The Recent tab is Explorer's "what was I just looking at?" view. Files are sorted by last access time, newest at the top.

What counts as "accessed"

Anything you actually open in Cockpit:

  • Click a file in the Tree tab.
  • Land on a file via Cmd+P (quick file open).
  • Follow a Cmd+click jump-to-definition into a new file.
  • Open a file from the commit-detail panel or diff viewer inside the Git History tab.

Files you only see in a directory listing don't count — they have to be opened.

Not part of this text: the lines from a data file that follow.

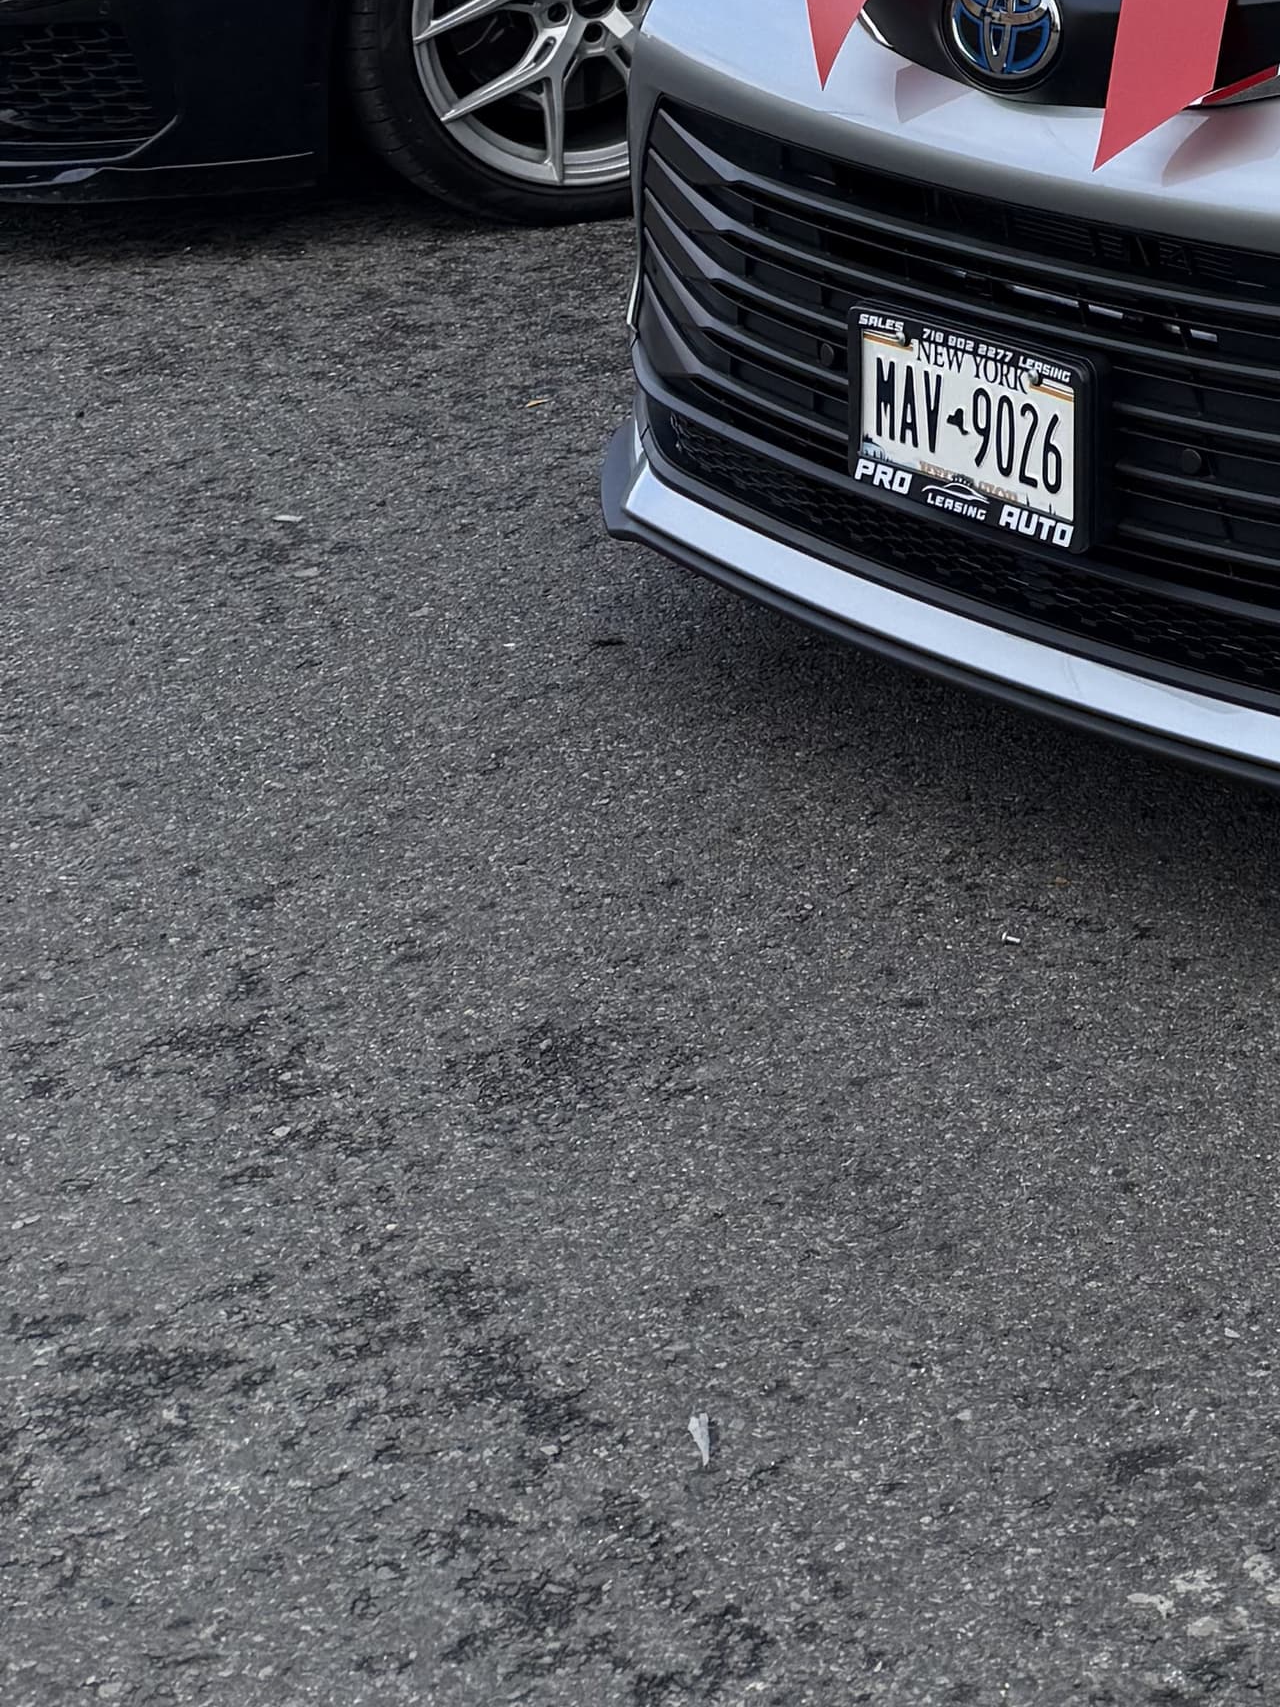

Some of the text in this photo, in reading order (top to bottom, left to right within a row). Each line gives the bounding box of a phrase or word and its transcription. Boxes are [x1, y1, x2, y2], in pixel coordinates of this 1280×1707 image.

[857, 313, 905, 332] SALES
[913, 338, 1029, 395] NEW YORK
[977, 342, 1014, 362] 2277
[1017, 354, 1072, 383] LEASING
[875, 356, 943, 454] MAV
[971, 387, 1063, 495] 9026
[853, 458, 913, 496] PRO
[926, 493, 987, 521] LEASING
[998, 503, 1075, 549] AUTO

More than just the path — cursor and scroll position too

Every time you scroll or move the cursor inside a file, Cockpit records that file's:

  • current scroll line
  • cursor line
  • cursor column

into its entry in Recent. Click the file in Recent later and Cockpit restores the same scroll position and cursor location — no need to re-find your place.

Cap and eviction

Each project keeps the 15 most recent files. When you open the 16th, the oldest drops off the bottom. Recent is project-scoped — files from project A don't show up in project B's Recent.

The list persists on disk, so it survives Cockpit restarts.

What it doesn't do

Worth saying out loud:

  • No "Clear recent" button. Recent is a rolling access log; once you hit 15, the old ones evict themselves.
  • No per-entry delete.
  • No "pin to top" / favourites. If you want a file always within reach, just keep its directory expanded in the Tree tab.

How it relates to the other tabs

What it does
TreeBrowse every file in the project — the full structure.
SearchFind by name or content; whichever file you pick automatically lands in Recent.
RecentThe subset you've already opened, with cursor positions remembered.